Realizing the various objects that make something as simple as a locative application like Foursquare work has been illuminating for me. I see my mobile phone differently. I see the landscape around me differently, constantly noticing cell towers, antennas and networked infrastructures of all kinds, and while most of these things still remain outside of the realm of full visibility—for some things, like data transfer speeds across a fiber-optic cable or the signal emitting from my mobile device, I will never be able to fully grasp on a sensory level—I believe the push toward increased levels of visibility with our mobile tools and infrastructure is ultimately vital to our understanding of identity and difference broadly. The push to make our objects disappear ends up mirroring our push to make otherness disappear, and, ultimately, as we continue to engage in cultural analysis and theory, this kind of difference plays a central role. As those modes of inquiry continue to grow, they will need to include objects as a central object of study. For through the study of objects like emerging locative and pervasive computing tools, we can begin to locate the essential relationship between humans and objects, and between visibility and alterity.

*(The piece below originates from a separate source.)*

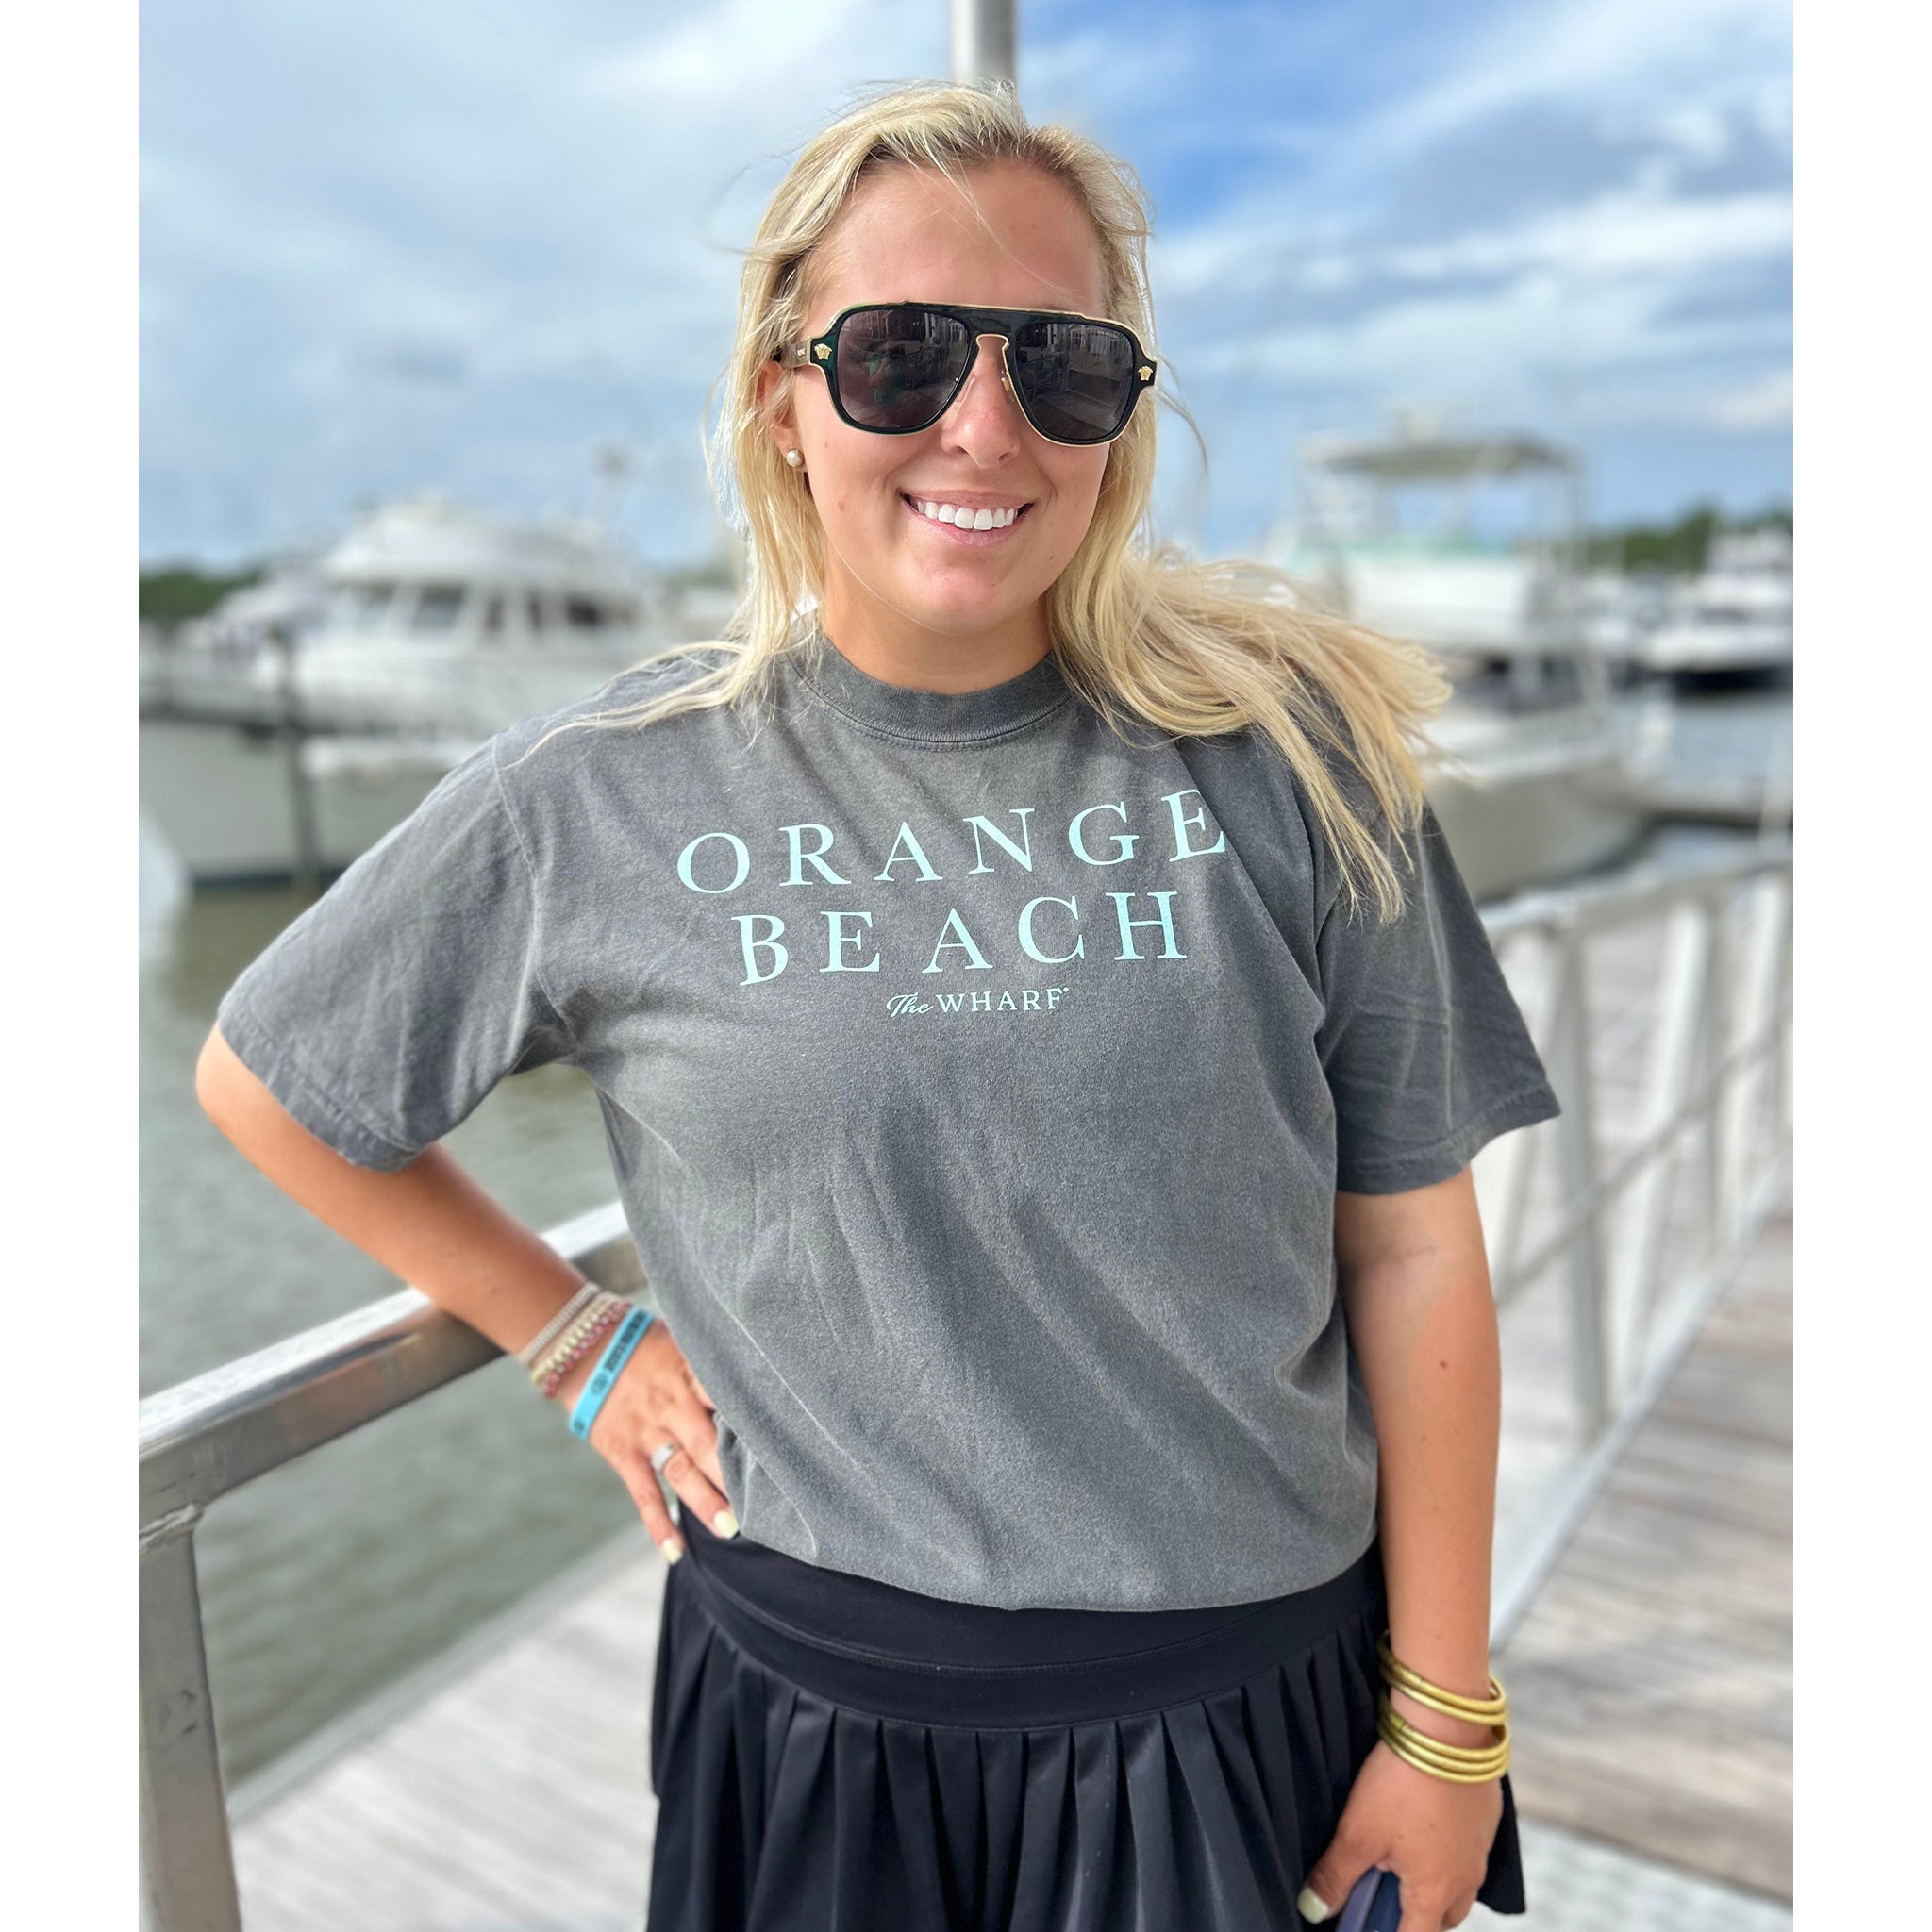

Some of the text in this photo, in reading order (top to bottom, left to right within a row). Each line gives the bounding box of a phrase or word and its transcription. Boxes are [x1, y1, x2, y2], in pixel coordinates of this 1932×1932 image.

A shorter version of this chapter first appeared in The Routledge Handbook of Mobilities, edited by Peter Adey, David Bissell, Kevin Hannam, Peter Merriman and Mimi Sheller (New York: Routledge, 2014), 233–242.
1. Brian noted that in the event of a major power outage (e.g., in a natural disaster or a “terrorist attack”), the gasoline to keep generators running would first be rationed out to area hospitals; second in line would be Equinix. The need to keep the Internet running is prioritized as a central to national safety in such circumstances.
2. See Graham Harman, Tool-Being: Heidegger and the Metaphysics of Objects (Chicago: Open Court, 2002). Harman, as well as Ian Bogost in his book Alien Phenomenology, Or, What it’s Like to be a Thing (Minneapolis: University of Minnesota Press, 2012) argue for an “object-oriented ontology” that extends the theorizations of those like Bruno Latour and actor-network theory by arguing for “things” that can be theorized even outside of the network. Bogost’s approach finds limitations in actor-network theory since “entities are de-emphasized in favor of their couplings and decouplings.”
3. Interestingly, since it is “evergreen” and surrounded by mostly deciduous trees, there are a remarkable number of birds living in this cell-tower-made-tree because it offers year-round shelter.